* [Work to complete]:
Only the lines from the one containing "this 1250×1875 image." to the end of the records belong in the output; print them exactly.

----

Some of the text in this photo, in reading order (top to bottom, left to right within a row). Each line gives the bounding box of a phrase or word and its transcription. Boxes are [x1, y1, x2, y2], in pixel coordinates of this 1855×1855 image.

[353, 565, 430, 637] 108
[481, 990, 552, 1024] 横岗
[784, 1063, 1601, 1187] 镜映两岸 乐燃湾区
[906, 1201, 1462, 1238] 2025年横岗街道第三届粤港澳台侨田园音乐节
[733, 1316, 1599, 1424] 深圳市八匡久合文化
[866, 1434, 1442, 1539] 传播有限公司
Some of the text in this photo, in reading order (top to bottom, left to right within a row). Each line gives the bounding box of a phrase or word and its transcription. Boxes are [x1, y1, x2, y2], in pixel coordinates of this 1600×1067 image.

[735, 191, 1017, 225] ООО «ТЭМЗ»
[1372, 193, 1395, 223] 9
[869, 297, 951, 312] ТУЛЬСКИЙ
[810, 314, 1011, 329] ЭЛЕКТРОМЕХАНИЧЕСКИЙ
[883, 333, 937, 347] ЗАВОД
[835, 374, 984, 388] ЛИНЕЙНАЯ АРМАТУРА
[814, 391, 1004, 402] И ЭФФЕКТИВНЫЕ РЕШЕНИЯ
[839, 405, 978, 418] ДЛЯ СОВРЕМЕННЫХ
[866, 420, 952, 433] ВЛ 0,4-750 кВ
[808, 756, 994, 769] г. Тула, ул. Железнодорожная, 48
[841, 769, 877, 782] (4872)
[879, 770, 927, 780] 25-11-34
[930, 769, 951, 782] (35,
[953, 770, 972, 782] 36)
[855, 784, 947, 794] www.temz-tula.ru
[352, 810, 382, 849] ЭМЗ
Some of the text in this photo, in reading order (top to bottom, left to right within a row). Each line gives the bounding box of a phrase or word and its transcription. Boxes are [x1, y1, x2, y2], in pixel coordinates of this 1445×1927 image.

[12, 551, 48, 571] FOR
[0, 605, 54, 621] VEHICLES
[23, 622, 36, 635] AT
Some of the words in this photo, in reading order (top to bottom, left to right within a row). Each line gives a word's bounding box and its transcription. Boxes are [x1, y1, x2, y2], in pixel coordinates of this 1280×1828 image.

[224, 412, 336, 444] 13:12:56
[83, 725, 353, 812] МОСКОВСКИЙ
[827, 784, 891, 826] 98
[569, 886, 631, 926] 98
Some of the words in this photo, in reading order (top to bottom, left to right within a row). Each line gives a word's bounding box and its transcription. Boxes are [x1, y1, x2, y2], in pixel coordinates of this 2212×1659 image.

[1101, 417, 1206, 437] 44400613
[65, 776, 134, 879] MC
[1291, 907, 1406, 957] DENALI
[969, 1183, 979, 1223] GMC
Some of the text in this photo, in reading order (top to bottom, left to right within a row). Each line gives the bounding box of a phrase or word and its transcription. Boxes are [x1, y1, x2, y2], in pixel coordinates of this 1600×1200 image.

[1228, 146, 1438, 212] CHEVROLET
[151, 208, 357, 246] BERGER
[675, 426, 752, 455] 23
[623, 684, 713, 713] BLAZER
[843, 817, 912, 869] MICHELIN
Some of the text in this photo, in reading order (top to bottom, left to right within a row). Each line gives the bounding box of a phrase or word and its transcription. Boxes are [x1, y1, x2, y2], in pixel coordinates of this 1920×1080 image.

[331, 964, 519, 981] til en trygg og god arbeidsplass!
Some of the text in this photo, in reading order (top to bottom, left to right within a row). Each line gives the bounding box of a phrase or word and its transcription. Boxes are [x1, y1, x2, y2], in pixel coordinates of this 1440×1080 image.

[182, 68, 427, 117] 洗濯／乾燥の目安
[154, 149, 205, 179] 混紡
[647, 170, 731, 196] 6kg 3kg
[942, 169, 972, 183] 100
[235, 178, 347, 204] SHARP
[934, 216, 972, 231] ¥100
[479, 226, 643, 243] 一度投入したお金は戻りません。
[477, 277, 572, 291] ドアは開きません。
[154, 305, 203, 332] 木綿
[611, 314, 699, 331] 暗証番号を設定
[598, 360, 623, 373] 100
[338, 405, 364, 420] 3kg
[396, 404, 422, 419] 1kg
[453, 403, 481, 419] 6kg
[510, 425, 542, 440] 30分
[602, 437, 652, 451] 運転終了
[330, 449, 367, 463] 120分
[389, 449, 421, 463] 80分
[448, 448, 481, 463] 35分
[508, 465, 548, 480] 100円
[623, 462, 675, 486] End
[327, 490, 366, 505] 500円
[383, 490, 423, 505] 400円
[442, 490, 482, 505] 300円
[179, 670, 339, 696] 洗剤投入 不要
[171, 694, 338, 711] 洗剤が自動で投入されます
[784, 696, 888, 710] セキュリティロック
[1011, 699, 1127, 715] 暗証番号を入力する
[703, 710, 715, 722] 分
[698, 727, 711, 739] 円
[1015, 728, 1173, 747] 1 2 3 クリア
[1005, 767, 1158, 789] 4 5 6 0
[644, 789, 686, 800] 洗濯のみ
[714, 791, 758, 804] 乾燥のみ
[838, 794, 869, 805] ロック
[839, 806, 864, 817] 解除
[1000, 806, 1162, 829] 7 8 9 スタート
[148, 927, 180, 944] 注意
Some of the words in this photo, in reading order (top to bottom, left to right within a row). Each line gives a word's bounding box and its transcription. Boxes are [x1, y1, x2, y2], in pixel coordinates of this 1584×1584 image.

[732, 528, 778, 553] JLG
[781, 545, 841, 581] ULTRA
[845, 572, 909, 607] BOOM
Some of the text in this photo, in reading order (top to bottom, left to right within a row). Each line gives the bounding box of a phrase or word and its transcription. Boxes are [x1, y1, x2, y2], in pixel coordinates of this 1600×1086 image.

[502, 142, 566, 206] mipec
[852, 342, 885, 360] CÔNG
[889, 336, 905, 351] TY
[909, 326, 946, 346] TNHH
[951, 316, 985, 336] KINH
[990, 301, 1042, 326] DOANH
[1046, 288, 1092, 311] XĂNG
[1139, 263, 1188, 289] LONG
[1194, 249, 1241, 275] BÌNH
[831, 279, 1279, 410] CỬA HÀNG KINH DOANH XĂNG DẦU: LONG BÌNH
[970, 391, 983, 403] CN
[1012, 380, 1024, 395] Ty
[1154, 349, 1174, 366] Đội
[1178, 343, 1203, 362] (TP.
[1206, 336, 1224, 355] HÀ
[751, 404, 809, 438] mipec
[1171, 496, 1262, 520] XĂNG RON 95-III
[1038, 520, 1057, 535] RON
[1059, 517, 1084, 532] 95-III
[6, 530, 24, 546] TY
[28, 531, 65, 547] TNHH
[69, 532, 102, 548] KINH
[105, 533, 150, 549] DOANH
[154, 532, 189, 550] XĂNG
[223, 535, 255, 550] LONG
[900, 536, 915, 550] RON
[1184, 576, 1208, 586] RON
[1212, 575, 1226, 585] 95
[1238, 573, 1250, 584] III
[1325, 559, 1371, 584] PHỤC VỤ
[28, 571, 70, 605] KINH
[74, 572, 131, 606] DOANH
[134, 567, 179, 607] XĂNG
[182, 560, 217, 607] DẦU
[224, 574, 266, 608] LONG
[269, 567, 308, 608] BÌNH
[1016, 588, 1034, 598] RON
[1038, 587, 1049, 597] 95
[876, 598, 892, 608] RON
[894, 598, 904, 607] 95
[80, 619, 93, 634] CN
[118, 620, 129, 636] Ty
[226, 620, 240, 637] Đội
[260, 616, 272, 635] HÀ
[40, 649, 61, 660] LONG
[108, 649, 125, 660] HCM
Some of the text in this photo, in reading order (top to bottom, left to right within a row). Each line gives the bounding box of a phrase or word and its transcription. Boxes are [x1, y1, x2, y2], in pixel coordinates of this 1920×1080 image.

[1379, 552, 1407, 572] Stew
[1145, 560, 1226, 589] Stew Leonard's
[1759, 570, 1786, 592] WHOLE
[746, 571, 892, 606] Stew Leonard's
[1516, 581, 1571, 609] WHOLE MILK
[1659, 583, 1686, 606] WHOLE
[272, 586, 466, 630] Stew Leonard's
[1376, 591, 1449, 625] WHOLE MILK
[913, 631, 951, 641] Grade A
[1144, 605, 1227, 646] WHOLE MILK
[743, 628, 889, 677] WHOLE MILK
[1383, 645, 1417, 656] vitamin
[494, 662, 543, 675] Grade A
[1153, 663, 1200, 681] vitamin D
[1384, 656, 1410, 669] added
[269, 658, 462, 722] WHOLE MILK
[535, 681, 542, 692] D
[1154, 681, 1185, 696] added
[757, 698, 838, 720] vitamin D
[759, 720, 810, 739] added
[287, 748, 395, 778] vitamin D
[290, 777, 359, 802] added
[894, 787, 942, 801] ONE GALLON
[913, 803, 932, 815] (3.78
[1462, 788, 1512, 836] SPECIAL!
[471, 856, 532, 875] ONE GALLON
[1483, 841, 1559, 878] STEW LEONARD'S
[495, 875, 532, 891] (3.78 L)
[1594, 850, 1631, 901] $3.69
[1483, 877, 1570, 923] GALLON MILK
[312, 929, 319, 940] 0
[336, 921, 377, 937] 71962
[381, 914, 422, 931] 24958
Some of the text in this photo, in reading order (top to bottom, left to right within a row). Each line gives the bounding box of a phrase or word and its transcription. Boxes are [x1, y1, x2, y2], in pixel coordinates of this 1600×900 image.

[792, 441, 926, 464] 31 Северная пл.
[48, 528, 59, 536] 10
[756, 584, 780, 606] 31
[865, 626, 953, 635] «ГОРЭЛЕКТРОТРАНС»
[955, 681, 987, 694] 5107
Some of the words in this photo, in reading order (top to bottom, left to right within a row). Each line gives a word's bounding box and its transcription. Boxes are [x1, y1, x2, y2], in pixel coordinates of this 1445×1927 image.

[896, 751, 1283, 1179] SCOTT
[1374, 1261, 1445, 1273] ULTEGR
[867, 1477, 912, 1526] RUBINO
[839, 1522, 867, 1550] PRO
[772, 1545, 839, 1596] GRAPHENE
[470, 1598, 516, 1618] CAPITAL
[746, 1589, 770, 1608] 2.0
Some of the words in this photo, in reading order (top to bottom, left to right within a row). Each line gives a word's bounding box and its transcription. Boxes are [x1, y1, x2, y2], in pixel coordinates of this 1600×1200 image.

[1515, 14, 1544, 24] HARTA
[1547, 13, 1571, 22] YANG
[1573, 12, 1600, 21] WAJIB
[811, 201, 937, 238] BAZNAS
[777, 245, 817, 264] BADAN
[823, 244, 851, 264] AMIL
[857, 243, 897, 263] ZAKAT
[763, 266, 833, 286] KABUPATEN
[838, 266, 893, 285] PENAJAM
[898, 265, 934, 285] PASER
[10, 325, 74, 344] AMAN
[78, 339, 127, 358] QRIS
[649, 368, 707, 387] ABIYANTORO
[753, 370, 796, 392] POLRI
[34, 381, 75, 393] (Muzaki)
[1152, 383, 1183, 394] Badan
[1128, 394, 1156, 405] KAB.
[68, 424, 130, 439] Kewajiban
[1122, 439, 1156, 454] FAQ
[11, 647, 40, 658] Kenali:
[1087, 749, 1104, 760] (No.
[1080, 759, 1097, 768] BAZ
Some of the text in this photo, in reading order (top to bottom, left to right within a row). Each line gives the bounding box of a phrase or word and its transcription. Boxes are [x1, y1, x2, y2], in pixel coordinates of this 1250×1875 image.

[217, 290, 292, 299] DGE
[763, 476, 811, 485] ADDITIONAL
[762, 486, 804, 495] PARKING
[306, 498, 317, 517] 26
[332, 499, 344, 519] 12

----

* [Expected output]:
Some of the text in this photo, in reading order (top to bottom, left to right within a row). Each line gives the bounding box of a phrase or word and its transcription. Boxes are [x1, y1, x2, y2], in pixel coordinates of this 1250×1875 image.

[217, 290, 292, 299] DGE
[763, 476, 811, 485] ADDITIONAL
[762, 486, 804, 495] PARKING
[306, 498, 317, 517] 26
[332, 499, 344, 519] 12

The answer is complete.